In the seventh season episode “Inter Arma Enim Silent Leges” (in times of war the law falls silent) Bashir again runs into Sloan, realizing that Starfleet, in its increasing desperation during the Dominion War, has knowingly embraced Section 31’s questionable tactics. Fans as eagerly embraced this second spotlight as they had the first, both serving as pinnacle demonstrations of the morally gray areas so often associated with the series.
Late that season, Bashir confronts Sloan directly in “Extreme Measures” when he realizes Section 31 was responsible for a genocidal plague inflicted on the Founders that has inadvertently (?) also infected Odo.
Section 31 shows up in the fourth season of Enterprise, with the revelation that Malcolm Reed once worked for Section 31. Captain Archer takes a dim view on the revelation when Reed struggles to come clean in “Affliction”/“Divergence,” in which we meet his former handler Harris.

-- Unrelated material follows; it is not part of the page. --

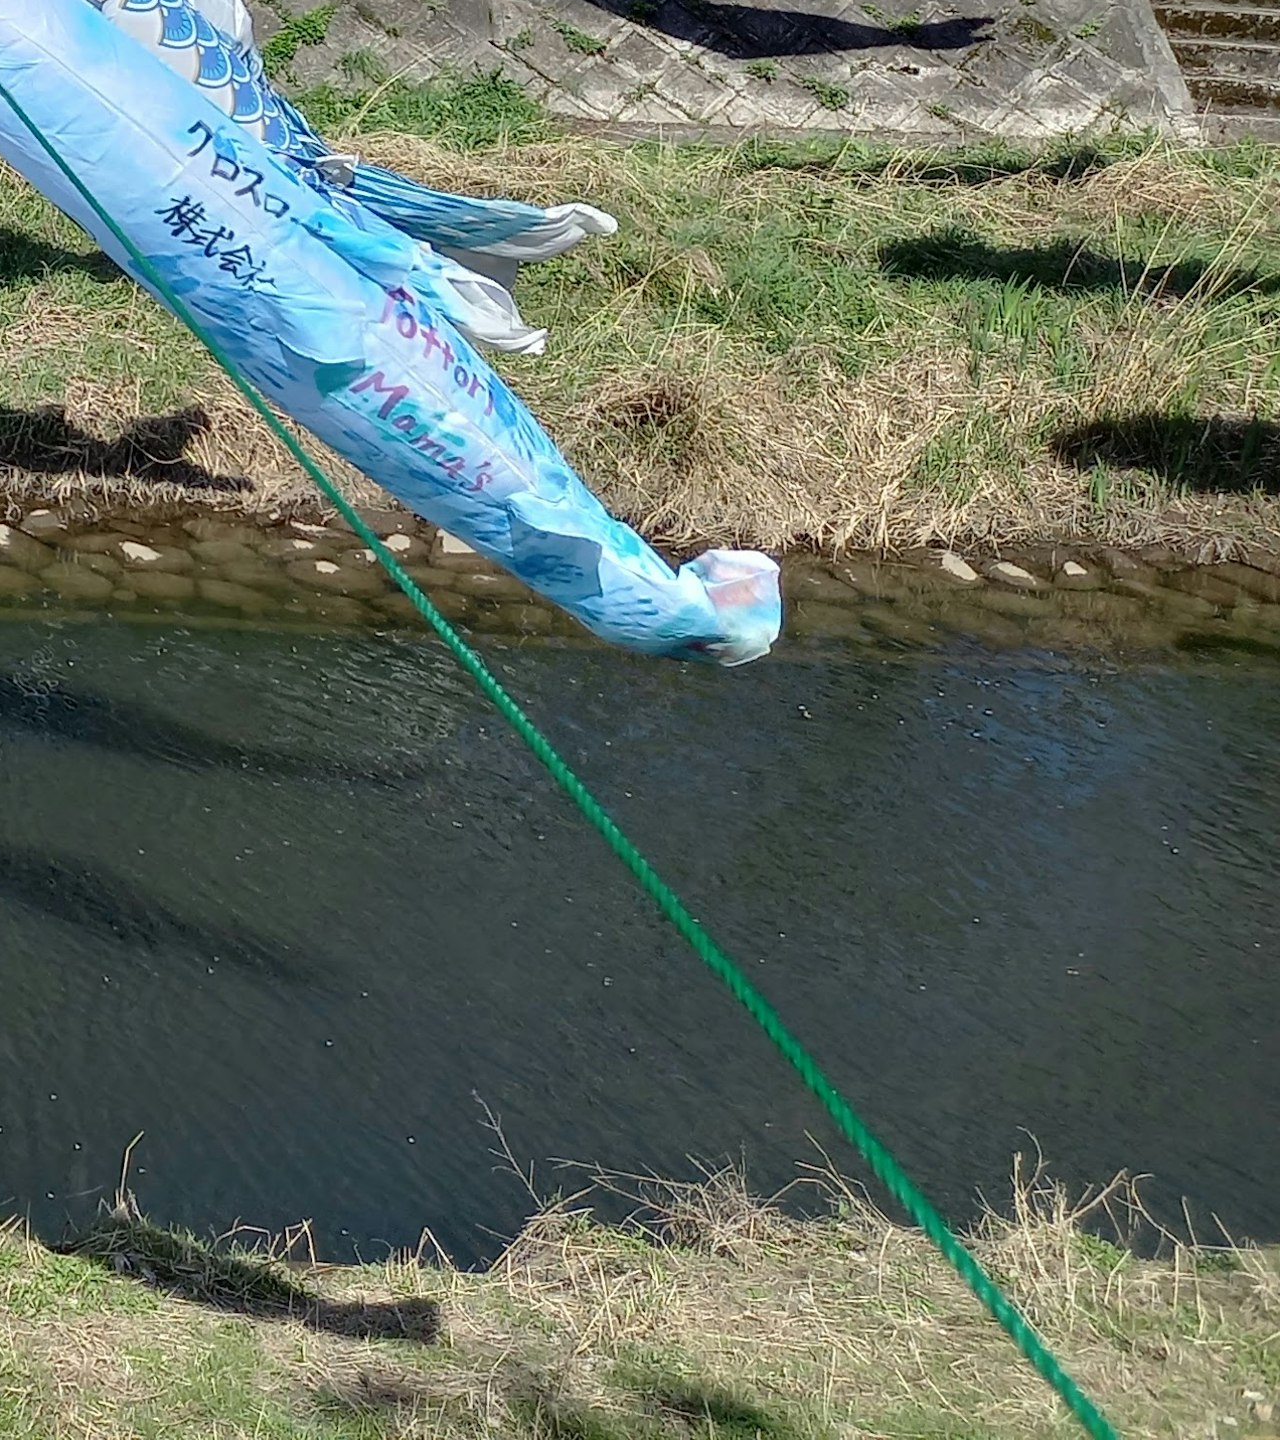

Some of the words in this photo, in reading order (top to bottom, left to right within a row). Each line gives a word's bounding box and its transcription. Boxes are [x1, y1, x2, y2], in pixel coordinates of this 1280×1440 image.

The idea is reprised on a far grander stage in Star Trek Into Darkness, in which we learn Admiral Marcus is also a part of Section 31, and thinks of nothing to use it in an attempt to launch all-out war with the Klingons.
Section 31 factors heavily into the serialized storytelling in the second season of Discovery, which features Agent Leland and new recruits Mirror Georgiou and Ash Tyler. There remains in development a full Section 31 spin-off which at one time was speculated to feature Georgiou and Tyler, although developments since that and the third season have perhaps complicated things.
With the movie appearance and heavy presence in and potential spin-off from Discovery, Section 31 has turned into as significant a development of modern Star Trek as anything else you could name. A certain step away from the original hopeful vision of the future Gene Roddenberry envisioned, Section 31 instead of a contradiction often serves to distinguish the enduring morals of the main characters. When Bashir or Kirk reject its tactics, we cheer them as heroes. When Mirror Georgiou embraces Section 31, we’re not surprised. When Tyler finds a temporary refuge in his crazy life, we can even begin to see it in a different light. In modern Star Trek, too, is the ability to see the good even in the bad (a legacy dating all the way back to “Balance of Terror”).